Eurodollar Loans shall be deemed to constitute eurocurrency funding
and to be subject to such reserve requirements without benefit of
or credit for proration, exemptions or offsets that may be
available from time to time to any Lender under Regulation D. The
Eurodollar Reserve Percentage shall be adjusted automatically on
and as of the effective date of any change in any reserve
percentage.
“Event of
Default” shall
have the meaning provided in Article VIII.
“Excluded
Taxes” shall
mean with respect to the Administrative Agent, any Lender, or any
other recipient of any payment to be made by or on account of any
obligation of the Borrower hereunder, (a) income or franchise taxes
imposed on (or measured by) its net income by the United States of
America, or by the jurisdiction under the laws of which such
recipient is organized or in which its principal office is located
or, in the case of any Lender, in which its applicable lending
office is located, (b) any branch profits taxes imposed by the
United States of America or any similar tax imposed by any other
jurisdiction in which the Borrower is located and (c) in the case
of a Foreign Lender, any withholding tax that is imposed on amounts
payable to such Foreign Lender at the time such Foreign Lender
becomes a party to this Agreement (or designates a new lending
office) or is attributable to such Foreign Lender’s failure
to comply with Section 2.12(e) , except to the extent that
such Foreign Lender (or its assignor, if any) was entitled, at the
time of designation of a new lending office (or assignment), to
receive additional amounts from the Borrower with respect to such
withholding tax pursuant to Section 2.12(a) .
“Federal Funds
Rate” shall
mean, for any day, the rate per annum (rounded upwards, if
necessary, to the next 1/100th of 1%) equal to the weighted average
of the rates on overnight Federal funds transactions with member
banks of the Federal Reserve System arranged by Federal funds
brokers, as published by the Federal Reserve Bank of New York on
the next succeeding Business Day or if such rate is not so
published for any Business Day, the Federal Funds Rate for such day
shall be the average rounded upwards, if necessary, to the next
1/100th of 1% of the quotations for such day on such transactions
received by the Administrative Agent from three Federal funds
brokers of recognized standing selected by the Administrative
Agent.
“Fixed Charges Coverage
Ratio” shall
mean, for the Parent Corporation and its Subsidiaries for each
Fiscal Quarter, the ratio of (a) Net Income for the four Fiscal
Quarters then ended, after adding back, but only to the extent
previously deducted in determining Net Income and without
duplication, the sum for the four Fiscal Quarters then ended of (i)
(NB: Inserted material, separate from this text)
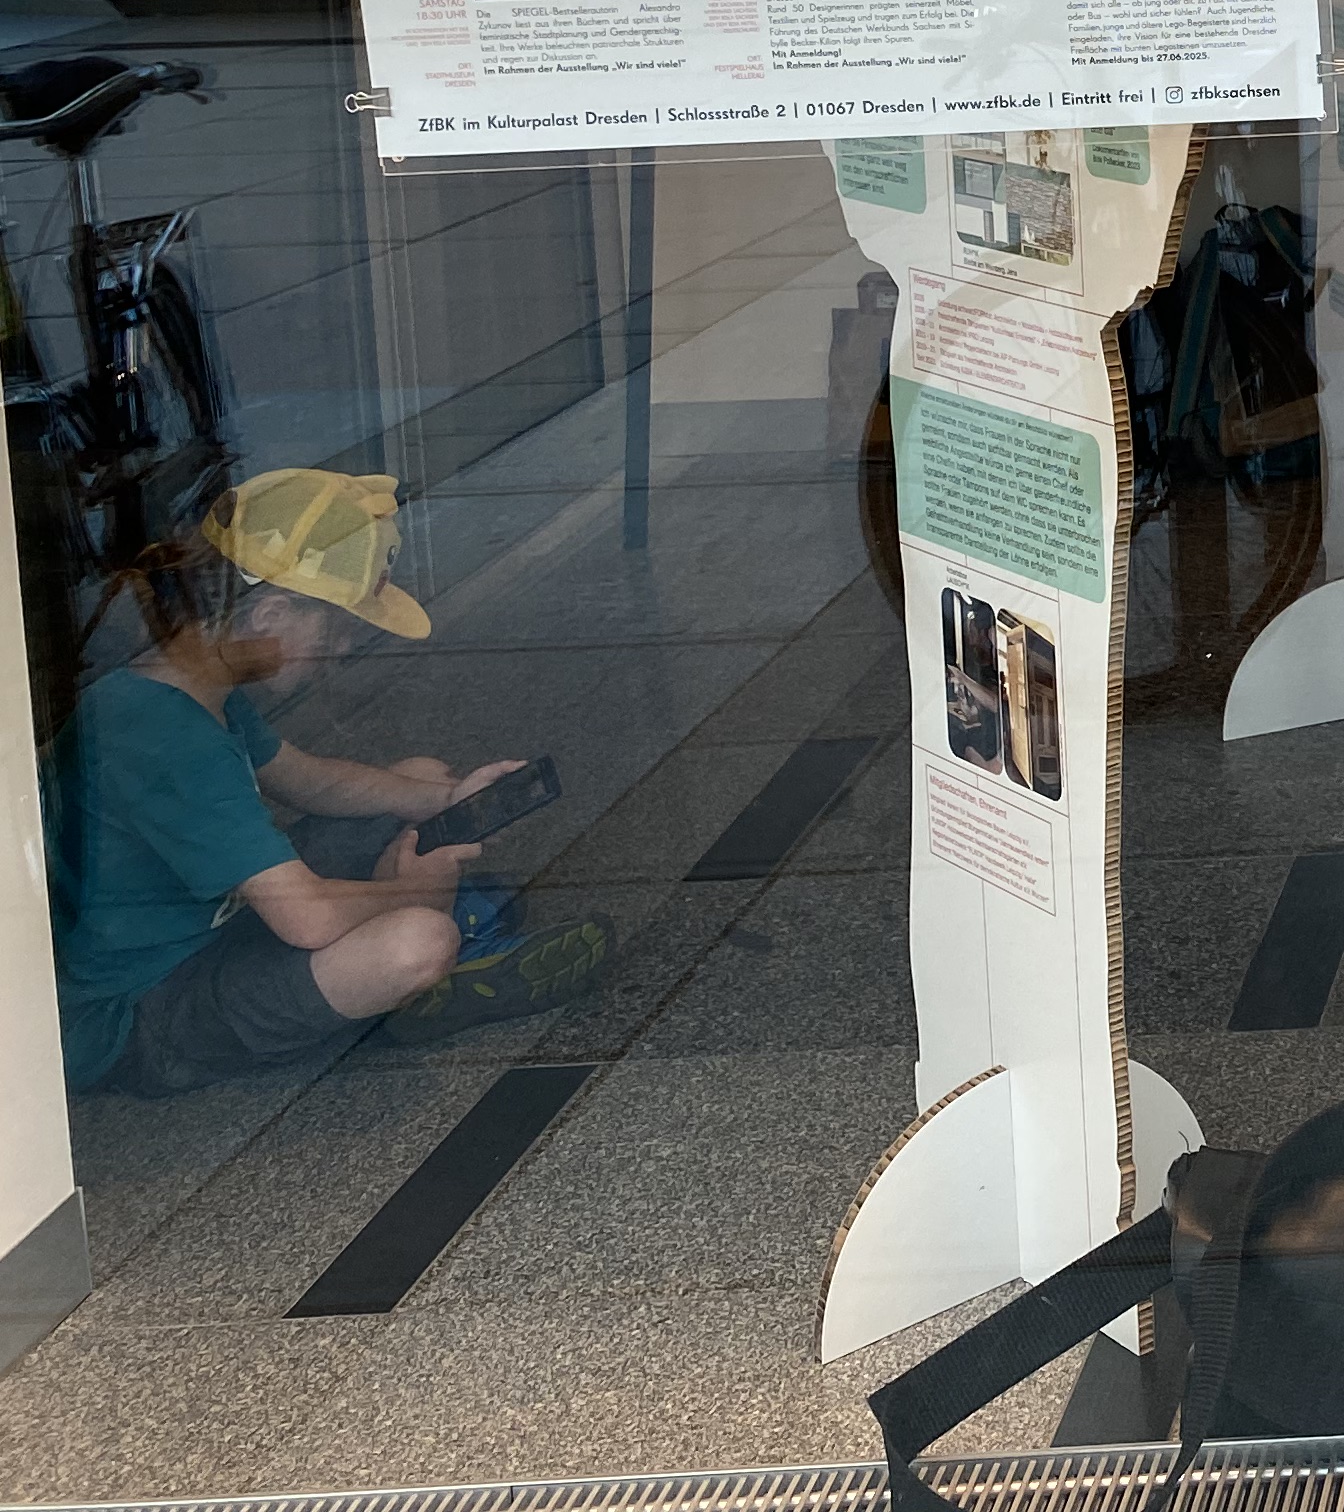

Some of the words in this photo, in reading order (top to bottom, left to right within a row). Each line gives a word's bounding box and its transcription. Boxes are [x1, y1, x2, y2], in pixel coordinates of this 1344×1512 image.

taxes on income of the Parent Corporation and its Subsidiaries,
plus (ii) Interest Expense, plus (iii) Rentals,
divided by (b) the sum for the four Fiscal Quarters then
ended of (y) Interest Expense plus (z) Rentals.
“Foreign
Lender” shall
mean any Lender that is organized under the laws of a jurisdiction
other than that of the Borrower. For purposes of this definition,
the United States of America or any State thereof or the District
of Columbia shall constitute one jurisdiction.
“Fiscal
Quarter” shall
mean each fiscal quarter of the Parent Corporation and its
Subsidiaries.
5
“Fiscal
Year” means
each fiscal year of the Parent Corporation and its
Subsidiaries.
“GAAP” shall mean generally accepted accounting
principles in the United States applied on a consistent basis and
subject to the terms of Section 1.3 .
“Governmental
Authority” shall mean the government of the United States
of America, any other nation or any political subdivision thereof,
whether state or local, and any agency, authority, instrumentality,
regulatory body, court, central bank or other entity exercising
executive, legislative, judicial, taxing, regulatory or
administrative powers or functions of or pertaining to
government.
“Guarantee”
of or by any Person (the
“guarantor” ) shall mean any obligation,
contingent or otherwise, of the guarantor guaranteeing or having
the economic effect of guaranteeing any Indebtedness or other
obligation of any other Person (the “primary
obligor” ) in any manner, whether directly or
indirectly and including any obligation, direct or indirect, of the
guarantor (a) to purchase or pay (or advance or supply funds for
the purchase or payment of) such Indebtedness or other obligation
or to purchase (or to advance or supply funds for the purchase of)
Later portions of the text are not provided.